In radiation therapy of pancreatic cancer, tumor alignment prior to each treatment fraction is improved when intratumoral gold fiducial markers (from here onwards: markers), which are visible on computed tomography (CT) and cone beam CT, are used. Visibility of these markers on magnetic resonance imaging (MRI) might improve image registration between CT and magnetic resonance (MR) images for tumor delineation purposes. However, concomitant image artifacts induced by markers are undesirable. The extent of visibility and artifact size depend on MRI-sequence parameters. The authors’ goal was to determine for various markers their potential to be visible and to generate artifacts, using measures that are independent of the MRI-sequence parameters.
The authors selected ten different markers suitable for endoscopic placement in the pancreas and placed them into a phantom. The markers varied in diameter (0.28–0.6 mm), shape, and iron content (0%–0.5%). For each marker, the authors calculated T2∗-maps and ΔB0-maps using MRI measurements. A decrease in relaxation time T2∗ can cause signal voids, associated with visibility, while a change in the magnetic field B0 can cause signal shifts, which are associated with artifacts. These shifts inhibit accurate tumor delineation. As a measure for potential visibility, the authors used the volume of low T2∗, i.e., the volume for which T2∗ differed from the background by >15 ms. As a measure for potential artifacts, the authors used the volume for which |ΔB0| > 9.4 × 10−8 T (4 Hz). To test whether there is a correlation between visibility and artifact size, the authors calculated the Spearman's correlation coefficient (Rs) between the volume of low T2∗ and the volume of high |ΔB0|. The authors compared the maps with images obtained using a clinical MR-sequence. Finally, for the best visible marker as well as the marker that showed the smallest artifact, the authors compared the phantom data with in vivo MR-images in four pancreatic cancer patients.

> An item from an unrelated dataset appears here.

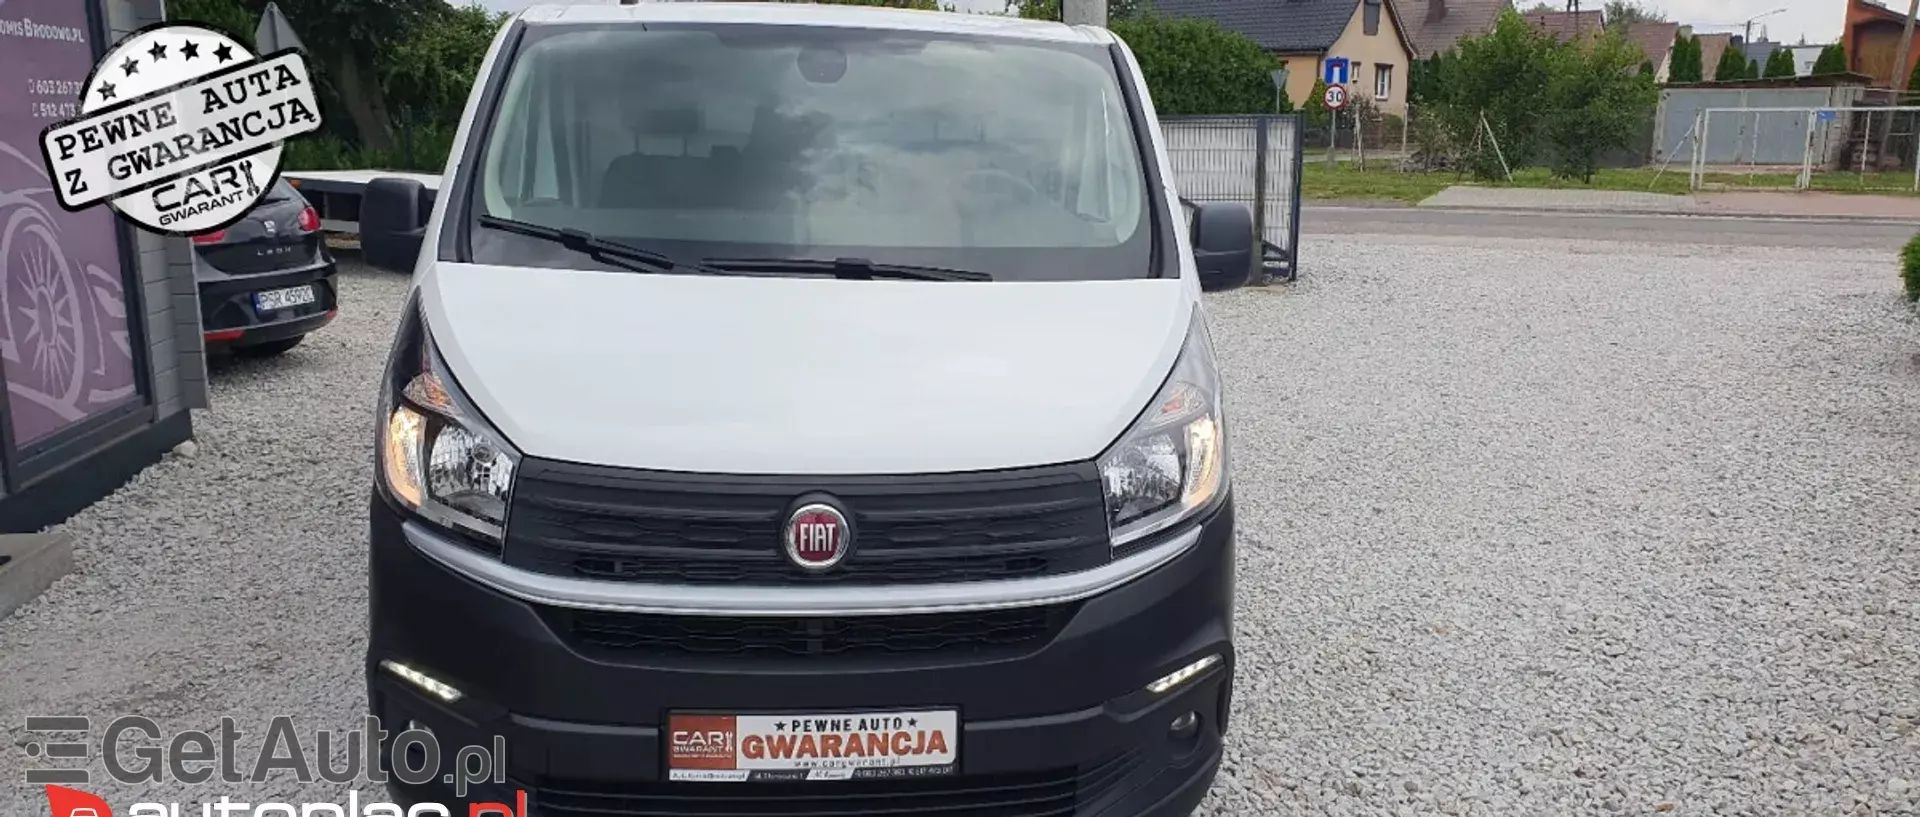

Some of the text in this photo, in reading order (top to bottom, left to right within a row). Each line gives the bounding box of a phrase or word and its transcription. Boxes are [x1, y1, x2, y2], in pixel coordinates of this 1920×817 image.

The authors found a strong correlation (Rs = 1.00, p < 0.01) between the volume of low T2∗ and the volume with high |ΔB0|. Visibility in clinical MR-images increased with lower T2∗. Signal shift artifacts became worse for markers with high |ΔB0|. The marker that was best visible in the phantom, a folded marker with 0.5% iron content, was also visible in vivo, but showed artifacts on diffusion weighted images. The marker with the smallest artifact in the phantom, a small, stretched, ironless marker, was indiscernible on in vivo MR-images.
Changes in T2∗ and ΔB0 are sequence-independent measures for potential visibility and artifact size, respectively. Improved visibility of markers correlates strongly to signal shift artifacts; therefore, marker choice will depend on the clinical purpose. When visibility of the markers is most important, markers that contain iron are optimal, preferably in a folded configuration. For artifact sensitive imaging, small ironless markers are best, preferably in a stretched configuration.